Stored dataset items:
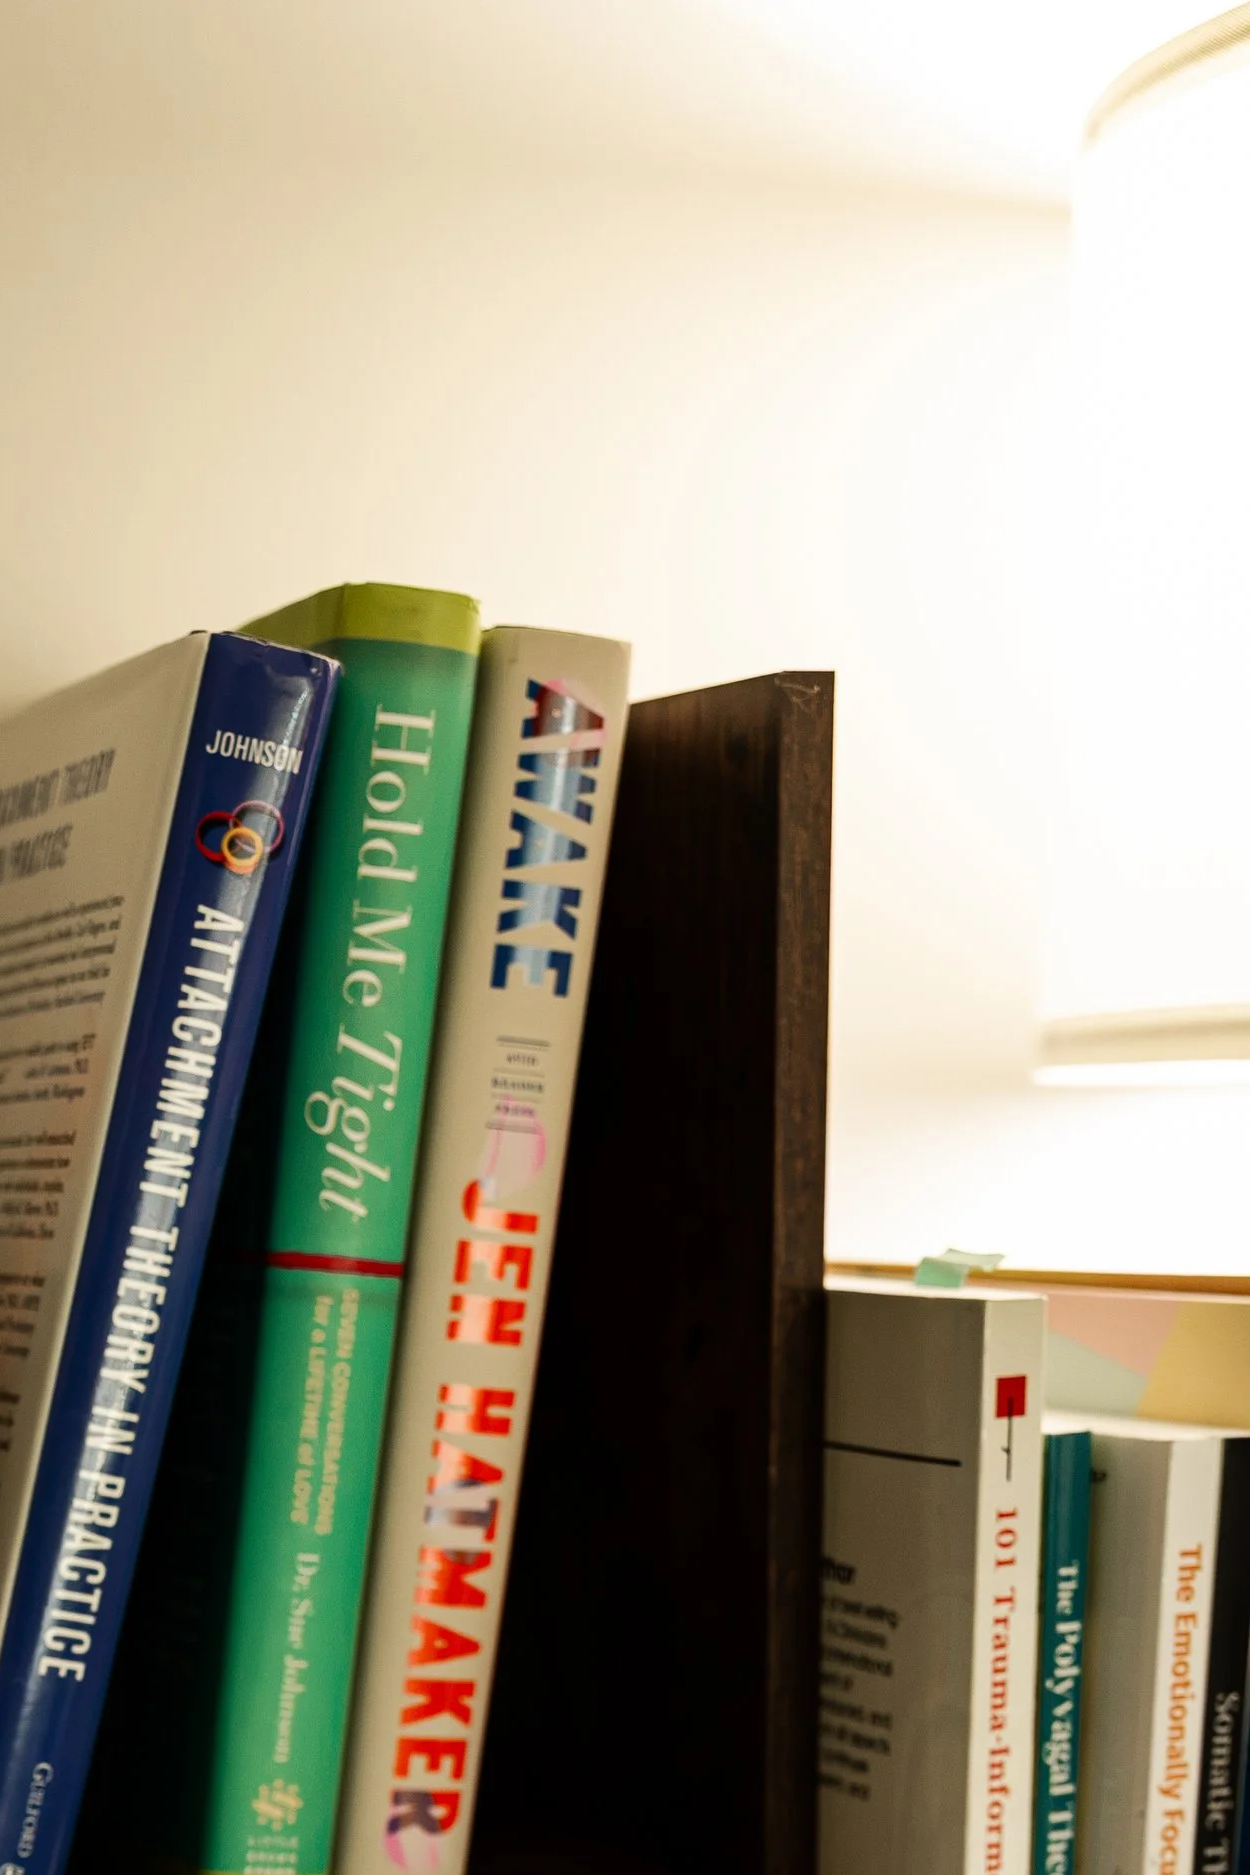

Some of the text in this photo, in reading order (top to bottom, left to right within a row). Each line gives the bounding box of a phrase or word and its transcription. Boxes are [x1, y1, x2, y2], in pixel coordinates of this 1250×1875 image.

[205, 729, 304, 775] JOHNSON
[490, 676, 607, 998] AWAKE
[304, 704, 437, 1224] Hold Me Tight
[38, 904, 245, 1682] ATTACHMENT THEORY IN PRACTICE
[445, 1179, 540, 1347] JEN
[386, 1382, 516, 1837] HATMAKER
[994, 1507, 1018, 1571] 101
[1055, 1563, 1078, 1616] The
[1178, 1543, 1204, 1602] The
[1041, 1618, 1081, 1796] Polyvagal
[1159, 1608, 1199, 1804] Emotionally
[1204, 1690, 1241, 1833] Somatic

PROBLEM REQUIREMENTS:
Could you write out every line above exactly as it stands, with no images?

OUTPUT FOR THIS EXERCISE:
Some of the text in this photo, in reading order (top to bottom, left to right within a row). Each line gives the bounding box of a phrase or word and its transcription. Boxes are [x1, y1, x2, y2], in pixel coordinates of this 1250×1875 image.

[205, 729, 304, 775] JOHNSON
[490, 676, 607, 998] AWAKE
[304, 704, 437, 1224] Hold Me Tight
[38, 904, 245, 1682] ATTACHMENT THEORY IN PRACTICE
[445, 1179, 540, 1347] JEN
[386, 1382, 516, 1837] HATMAKER
[994, 1507, 1018, 1571] 101
[1055, 1563, 1078, 1616] The
[1178, 1543, 1204, 1602] The
[1041, 1618, 1081, 1796] Polyvagal
[1159, 1608, 1199, 1804] Emotionally
[1204, 1690, 1241, 1833] Somatic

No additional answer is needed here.